Originally posted by souls
Trust me, show me a training manual/ course, I'll learn it and out perform some of the experienced, guaranteed, any subject. It is called to adapt and excel. I'm pretty sure in the trucker manual they teach you how to deal with snow, actually isn't that common sense?
dude, i think this is the most ignorant post i have read on all three of the network forums...you REALLY sound like a tool here.
you want people to give you a big ole pat on the back?
what gives you the stones to say you'll learn it and outperform some of the experienced?
that is straight up talking junk....
i consider myself to be one of those people that can 'drive anything with wheels and some without'...from bikes to manuels, big trucks, etc...my uncle was a trucker and i 'drove' his truck once. he didn't have a trailer on it and i drove down a straight road for about 10 blocks.
i'm a fool to think that i could grab the book and learn it and do it better than people with experience..
what about in the rain? the snow? the mountains?..ever been driving through west virginia in the winding mountains where you can get to whipping around at 70 mph no problem cause of the grades? add darkness and winter...you have 18 wheelers going 65-70 through these turns....you ever see those hills that go up the side of the mountains for 'runaway trucks'?

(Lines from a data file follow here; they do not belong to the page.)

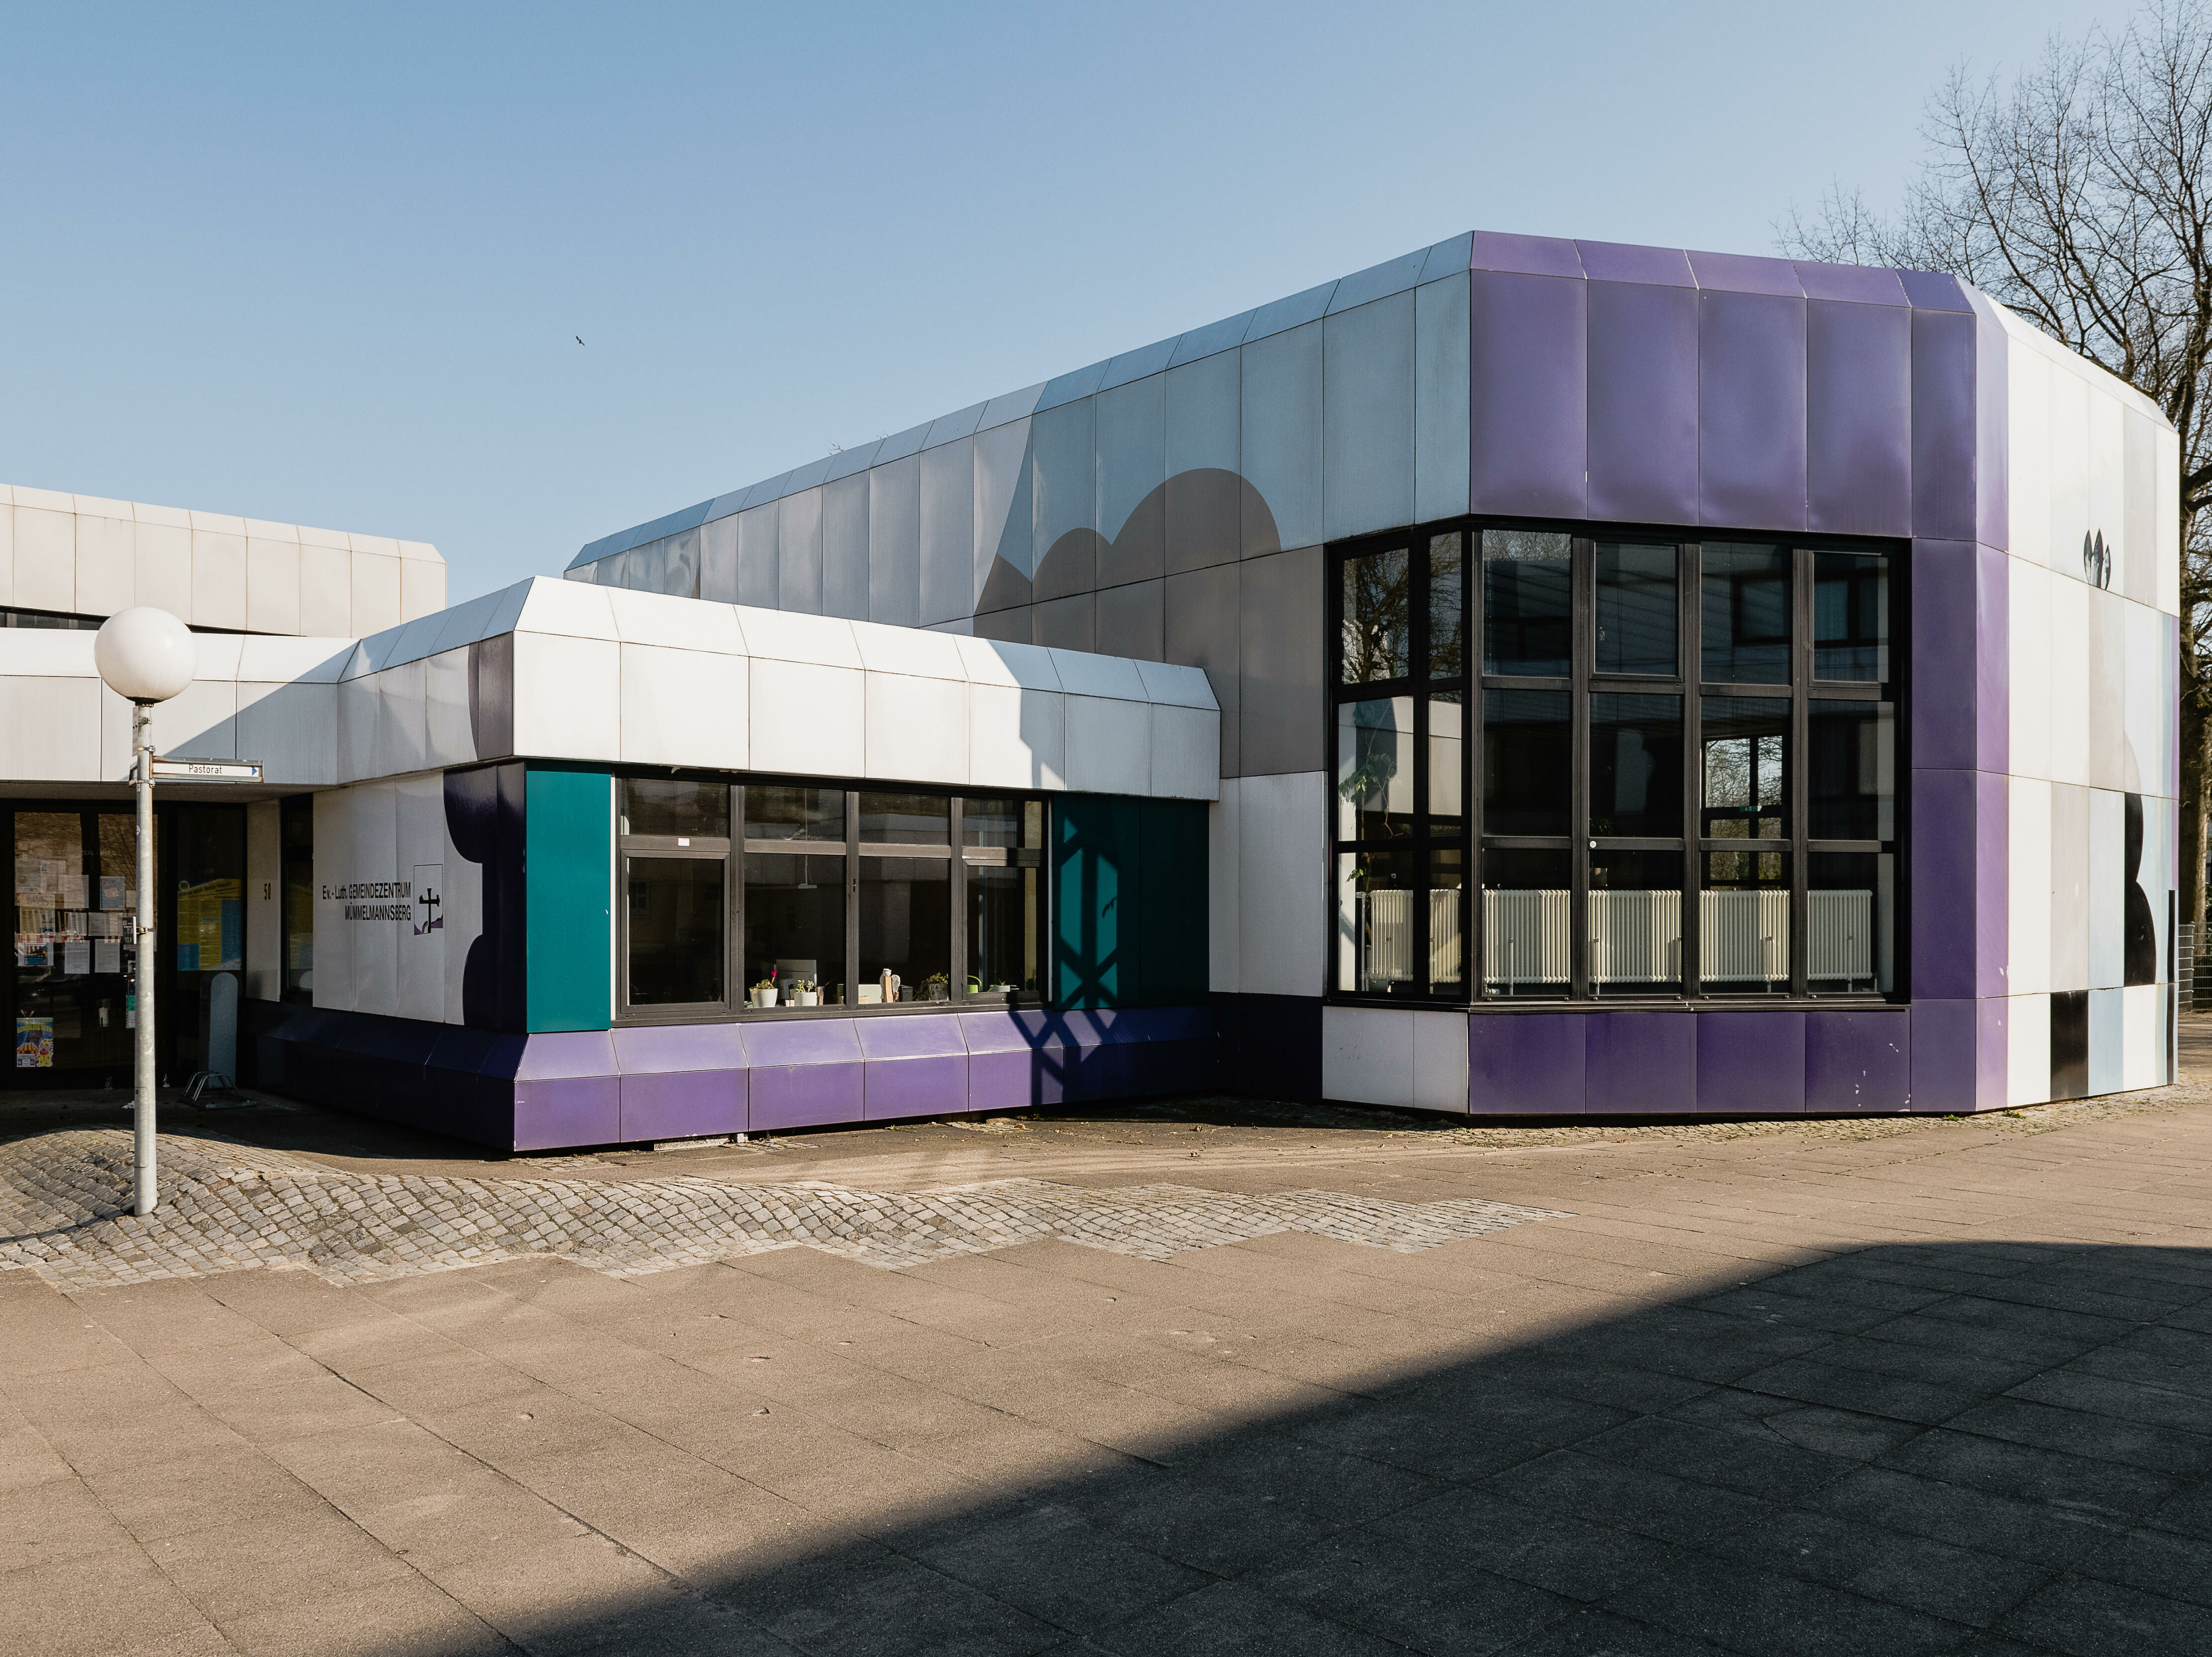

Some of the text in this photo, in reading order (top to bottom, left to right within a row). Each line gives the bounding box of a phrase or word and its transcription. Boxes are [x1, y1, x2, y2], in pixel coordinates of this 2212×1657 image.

[189, 764, 222, 773] Pastorat
[264, 883, 271, 900] 50
[349, 882, 411, 898] GEMEINDEZENTRUM
[345, 902, 411, 921] MÜMMELMANNSBERG
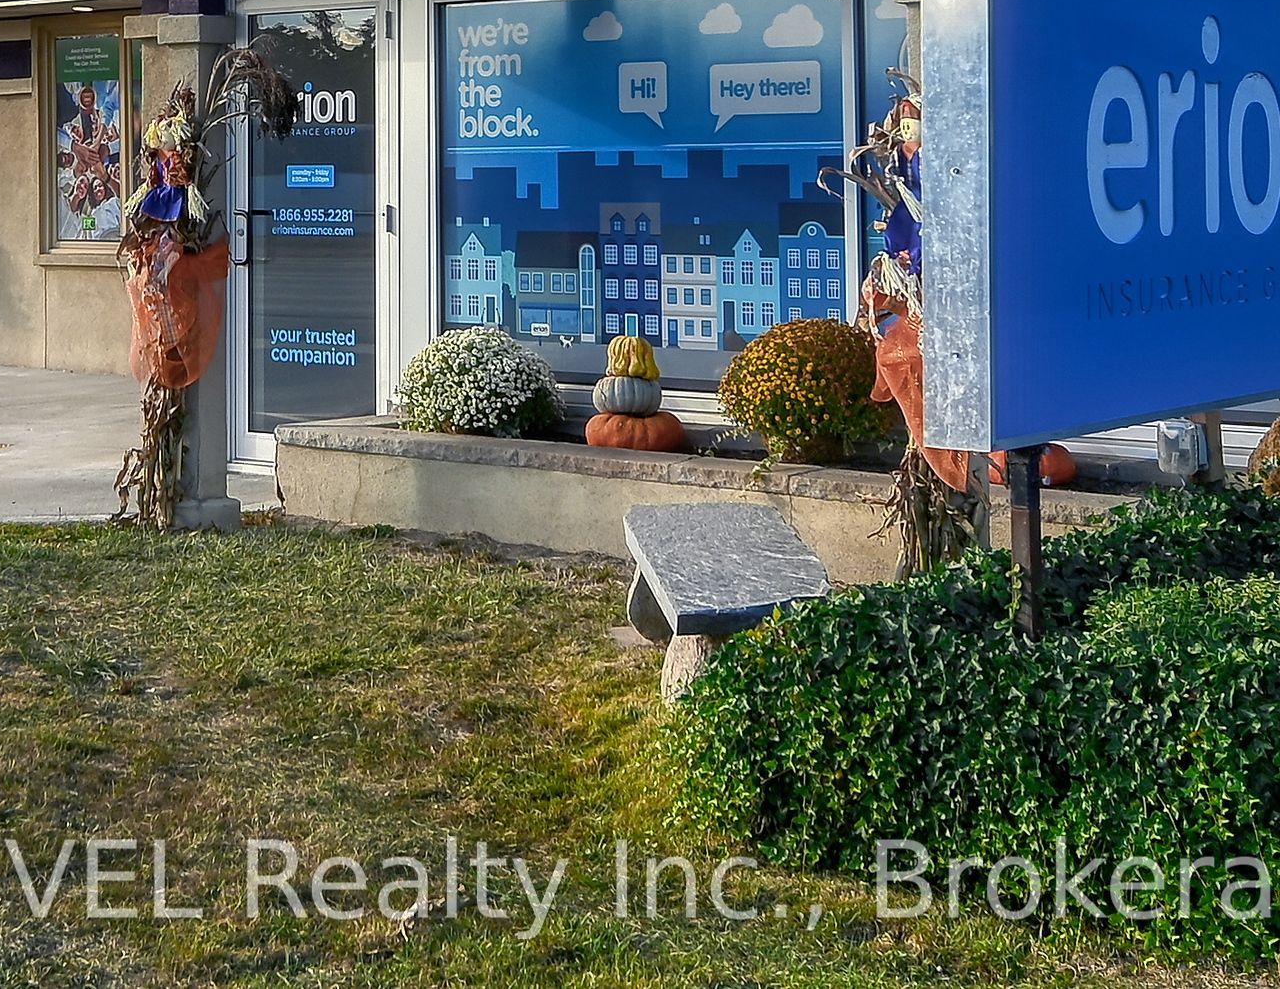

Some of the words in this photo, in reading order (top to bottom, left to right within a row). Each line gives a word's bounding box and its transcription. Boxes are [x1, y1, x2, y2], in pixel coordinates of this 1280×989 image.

[457, 17, 529, 47] we're
[458, 48, 522, 77] from
[458, 78, 502, 107] the
[630, 77, 657, 99] Hi!
[720, 79, 755, 101] Hey
[758, 77, 811, 96] there!
[292, 81, 356, 123] ion
[323, 127, 356, 136] GROUP
[459, 107, 539, 138] block.
[271, 208, 353, 222] 1.866.955.2281
[271, 223, 354, 236] erioninsurance.com
[1087, 267, 1249, 321] INSURANCE
[270, 328, 302, 345] your
[305, 327, 356, 346] trusted
[270, 347, 355, 367] companion
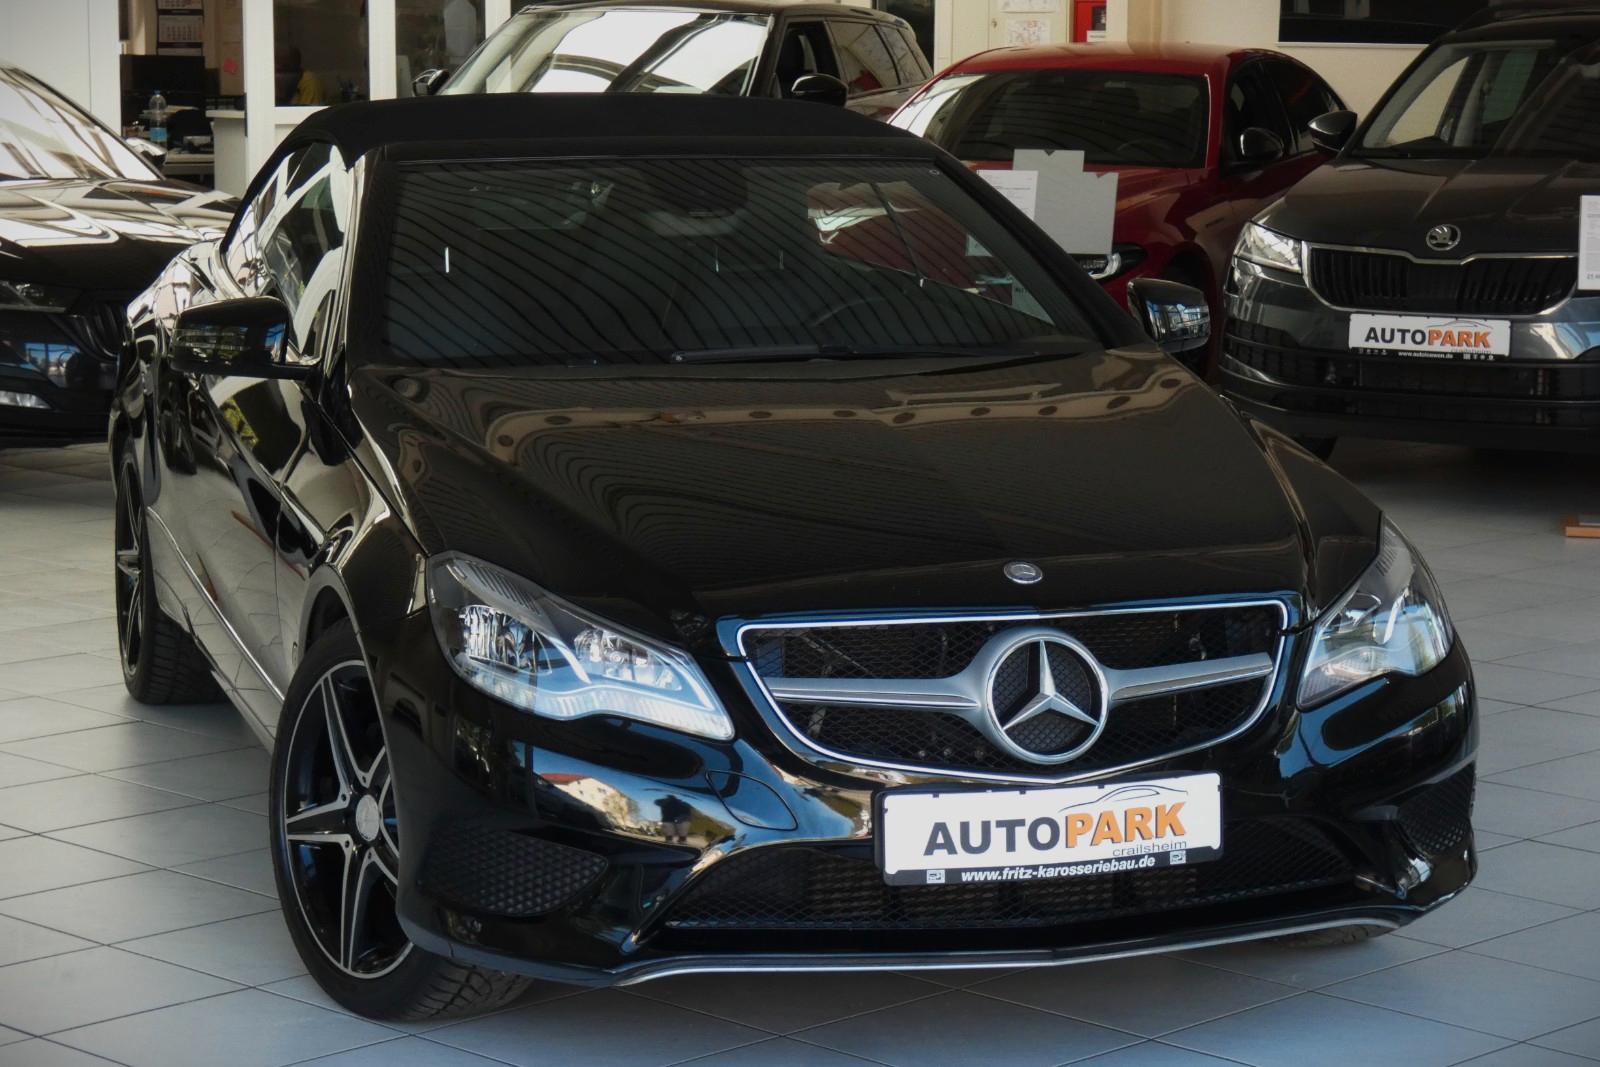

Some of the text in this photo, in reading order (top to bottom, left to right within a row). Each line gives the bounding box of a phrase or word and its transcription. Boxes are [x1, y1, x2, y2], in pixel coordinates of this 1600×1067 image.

[1364, 327, 1491, 348] AUTOPARK
[923, 801, 1187, 857] AUTOPARK
[1112, 839, 1187, 857] crailsheim
[961, 855, 1156, 882] www.fritz-karosseriebau.de
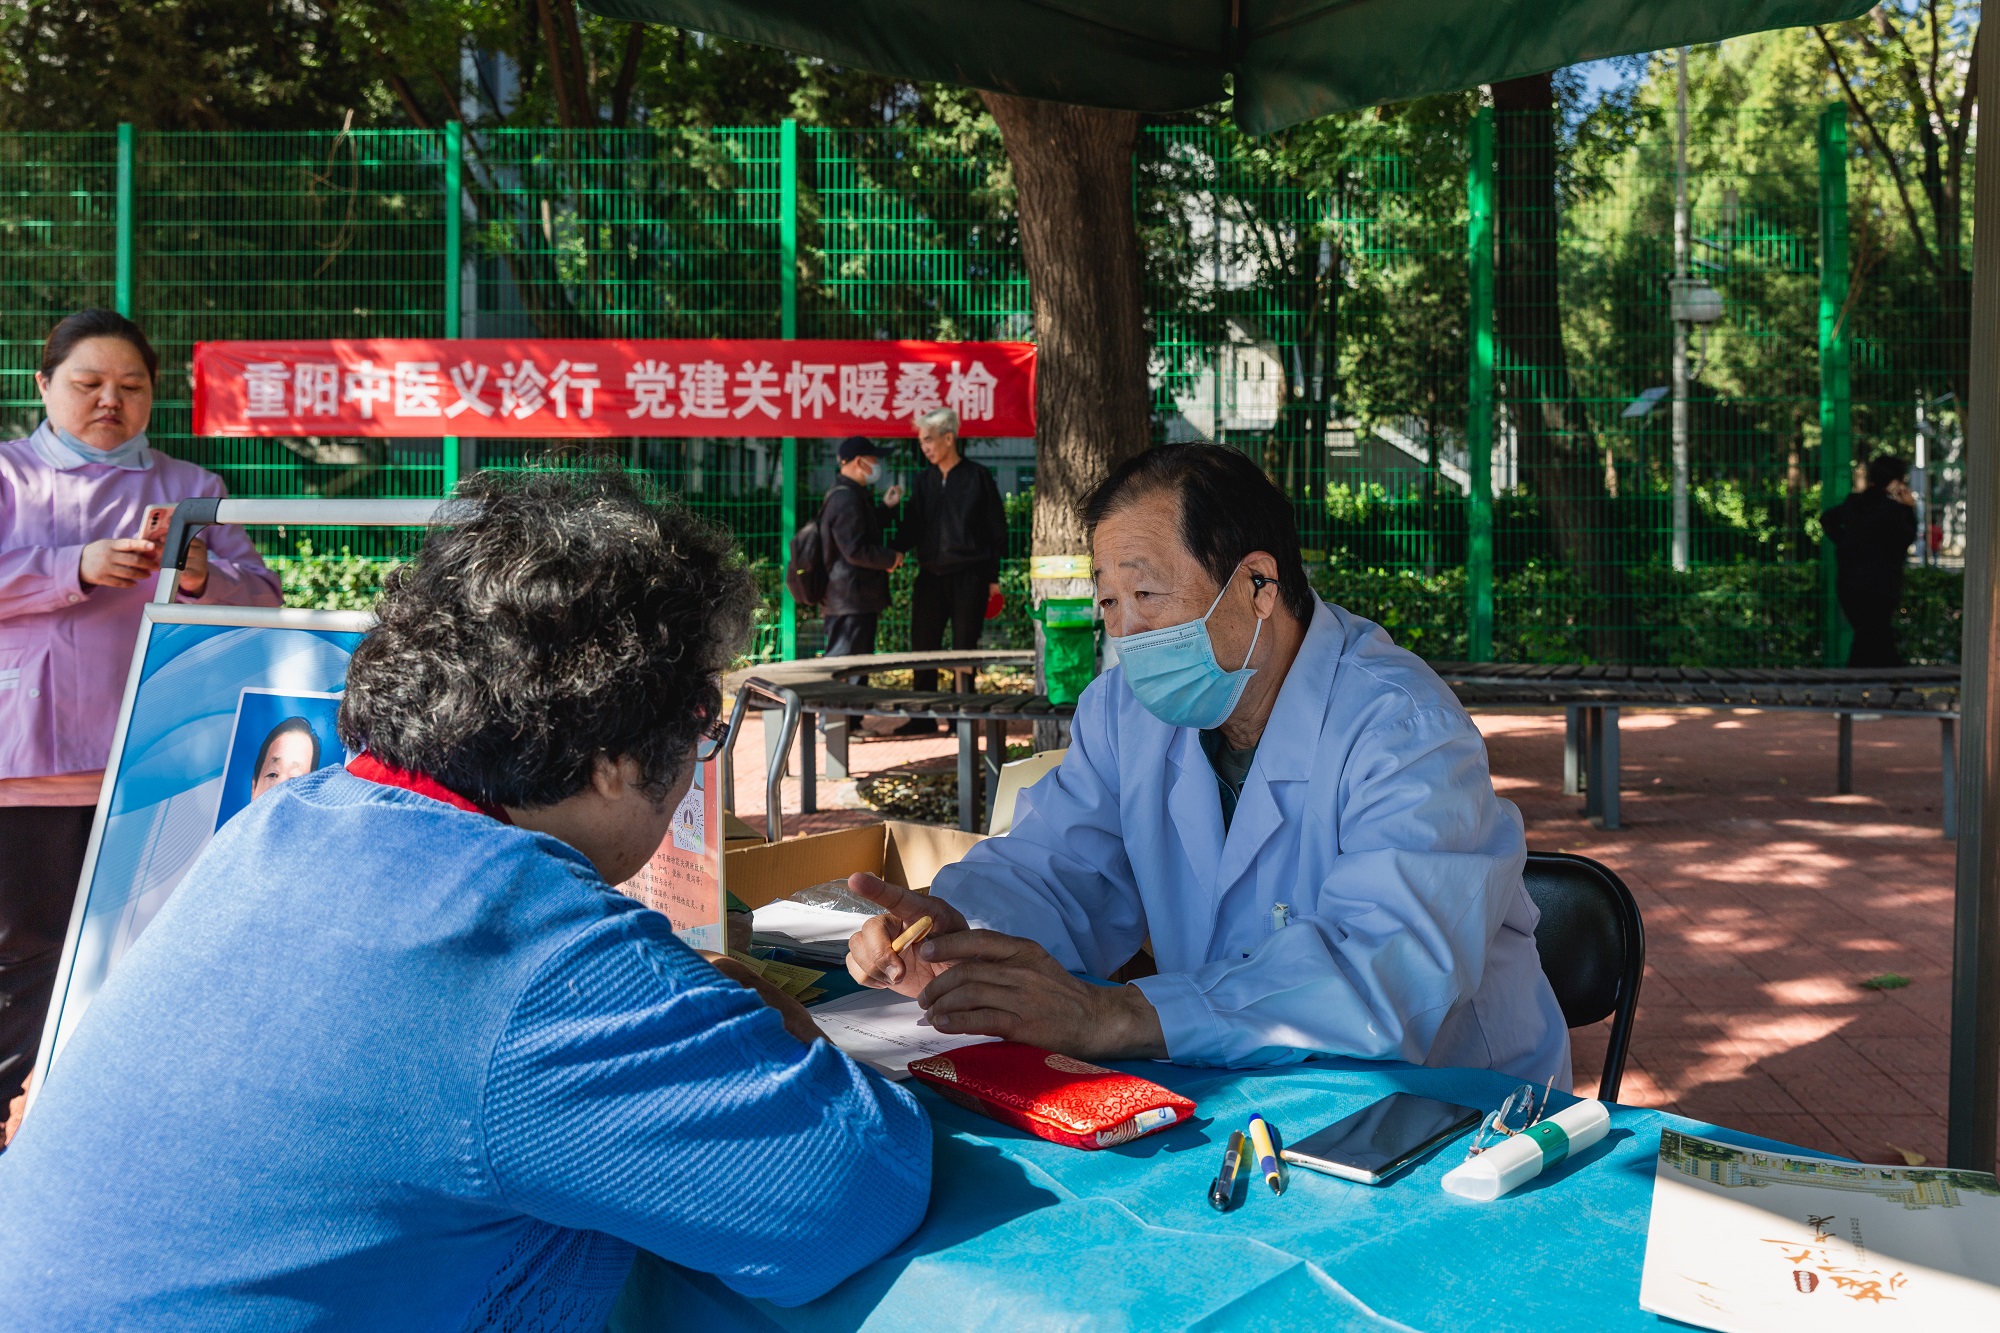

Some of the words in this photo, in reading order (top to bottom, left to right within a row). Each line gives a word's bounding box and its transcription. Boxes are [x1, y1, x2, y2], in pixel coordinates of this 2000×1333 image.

[242, 359, 601, 419] 重阳中医义诊行
[625, 359, 999, 422] 党建关怀暖桑榆

how heavy is the load you are pulling?
i just wanted to call you out on this...thats pretty much it.
give these truckers their propers man.....it's NOT easy. roll up to the flying v off the highway after driving for 6 hours, tired, got the white ilne fever and you have to back your rig into a narrow ass spot in a row of 20 trucks...
not an easy job.
you also say ANY subject.
i was a mechanic before i got hurt. i started before i got my certs, then went to classes, then got all my certs. i remember being in the shops and we'd get a master tech(all ase's and you're a master tech) that went to teh vocational school and got his certs from the books and VERY limited class work....you know, they had to replace struts in the class or rebuild the engine but the bolts were all new and not torqued, messed up, etc..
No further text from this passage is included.